The thesis of the movie can be summarised as "the only economic system which guarantees long term economic prosperity and political stability is free market". This controversial claim has never been settled in the academic circles, see http://en.wikipedia.org/wiki/Criticism_of_capitalism#Market_failures for example. So, it is no surprise that the inherent weakness of the thesis invites the extensive use of *weaker forms of arguments* to advance their position including

(a) omission or downplaying historic facts contradicting the thesis (e.g. the Nazi Germany was a free market economy, the Great Depression happened under free market conditions, the communist USSR had marginal poverty rates while the free market USA never went down past double digits),

(b) failure to mention more plausible explanations of surveyed historic events (e.g. the dramatic fall in prices for copper, the major source of income for Chile, and the CIA efforts in destabilising the political situation during the Salvador Allende term),

(c) trivialization (e.g. the suggestion that the visit of a *free-market revolutionary* Margaret Thatcher to Poland in 1989 ultimately led to Poland independence),

(d) false claims (e.g. removing price controls in India resulted in less red tape)

(e) fantasies (e.g. a Soviet defector who finally revealed to the West that the USSR was economically doomed was illegally transported across the boarder by two British individuals in a car boot)

(d) claims lacking substantiation / causal explanation (e.g. the Polish shock therapy worked while the Russian did not despite similar political situation)

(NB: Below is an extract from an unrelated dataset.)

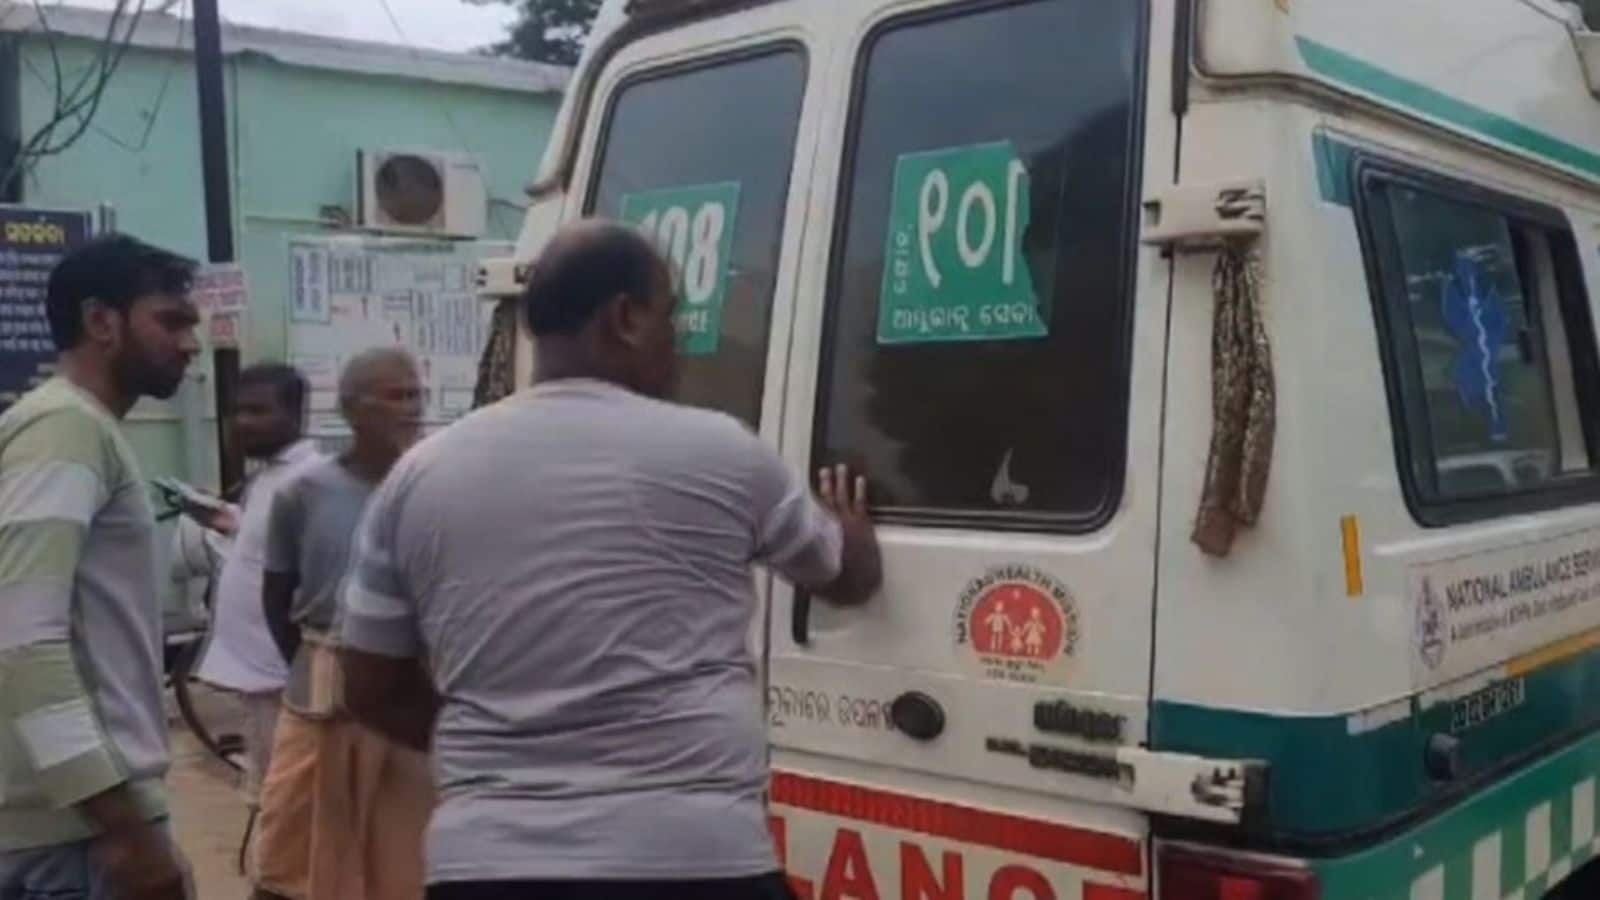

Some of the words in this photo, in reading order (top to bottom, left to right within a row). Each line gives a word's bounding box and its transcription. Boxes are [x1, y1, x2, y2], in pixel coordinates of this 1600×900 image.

[956, 574, 995, 645] NATIONAL
[996, 562, 1053, 588] HEALTH
[1446, 575, 1508, 611] NATIONAL
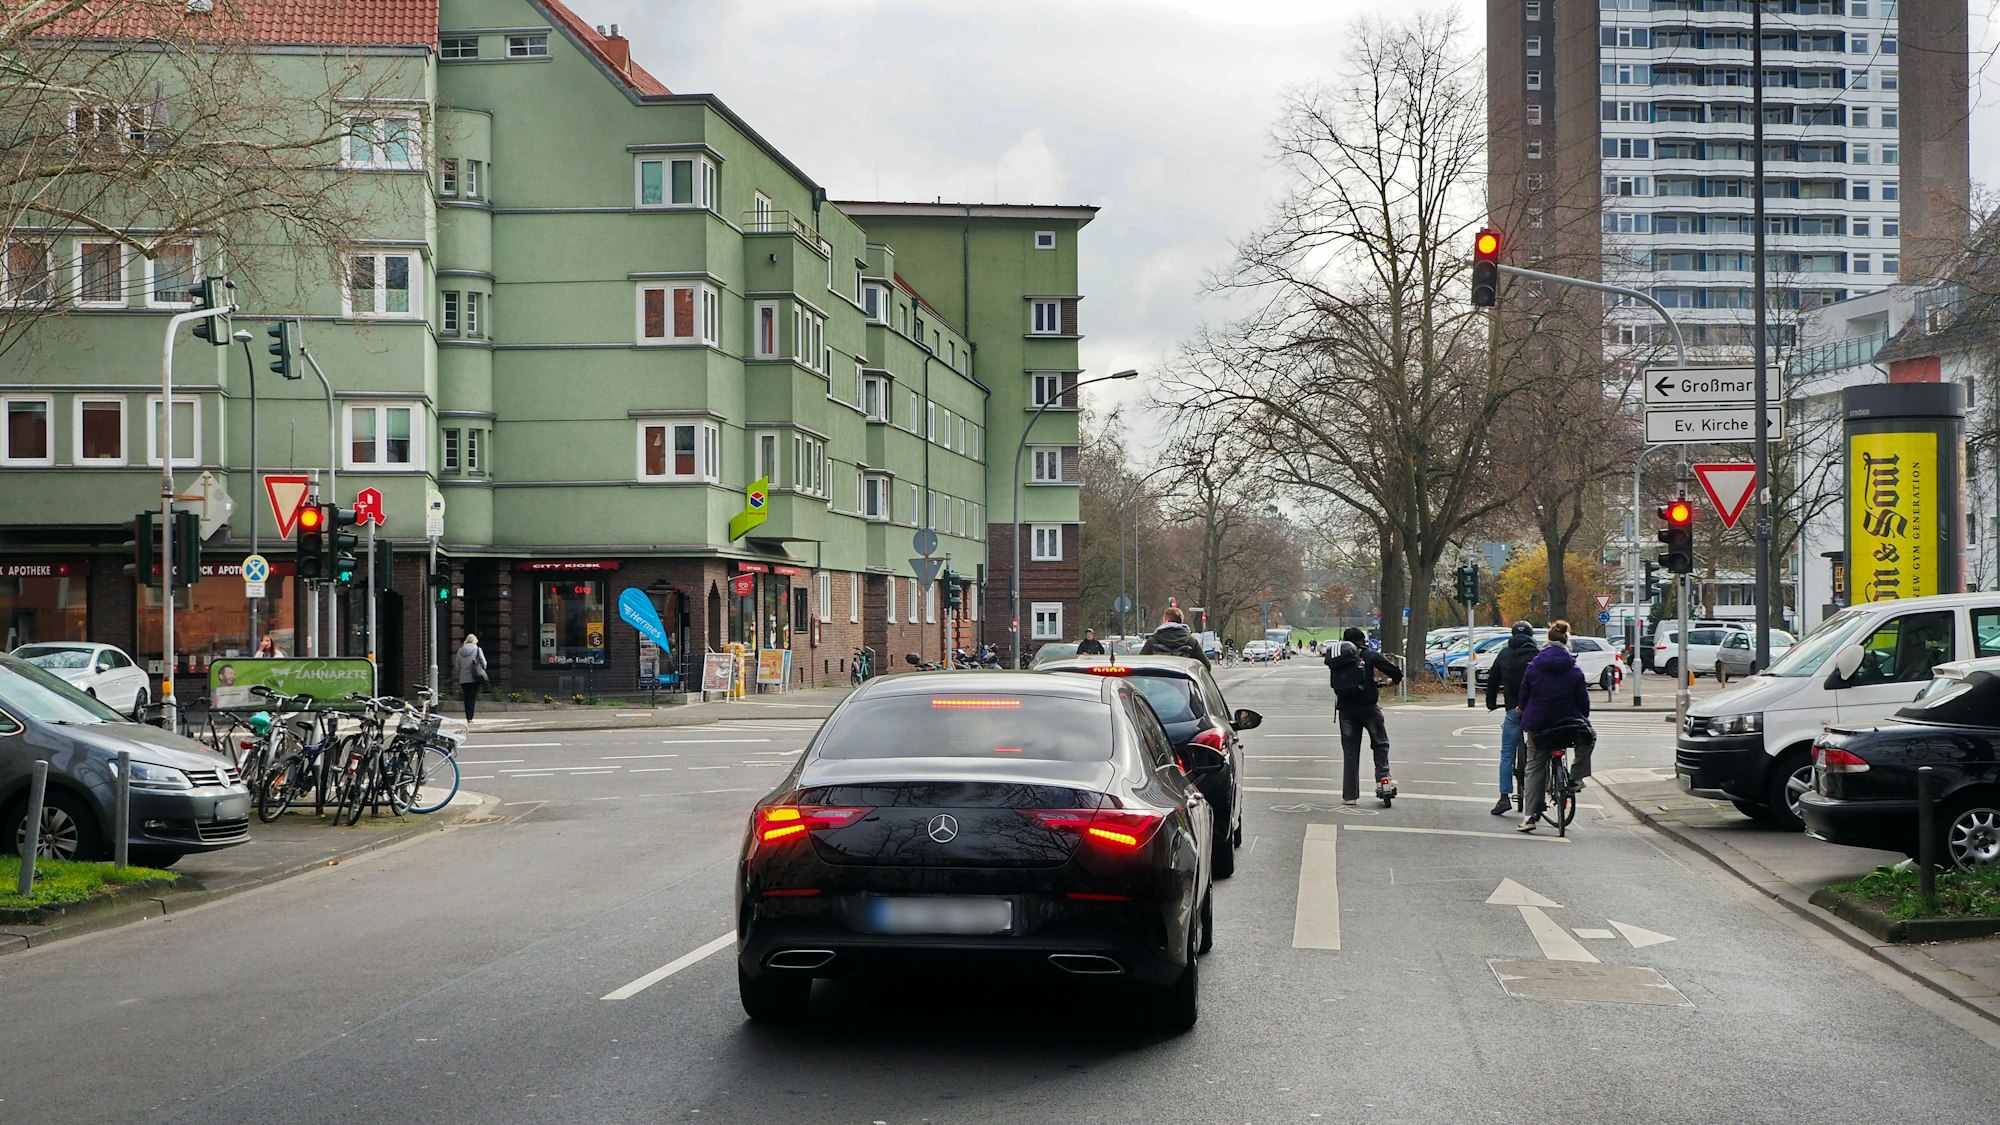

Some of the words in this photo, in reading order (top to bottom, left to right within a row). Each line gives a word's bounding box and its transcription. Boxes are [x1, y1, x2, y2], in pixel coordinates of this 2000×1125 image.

(g) conflating ideas (e.g. balancing the budget in Bolivia which brought economic stability had nothing to do with the movie's thesis)

(h) conclusions which do not follow (e.g. the Russian financial crisis 1998 gave the country the second chance)

So although the movie fails in presenting a coherent logical support for the thesis, it also succeeds remarkably (according to its IMDb ratings) in persuading the uninformed viewers that free markets and resulting globalisation is the only panacea for economic and political ailment.

In fact the movies is so bad, it could be a class-room case study of successful public indoctrination.

Summary: avoid unless you are in the process of writing an essay on corporate/government propaganda.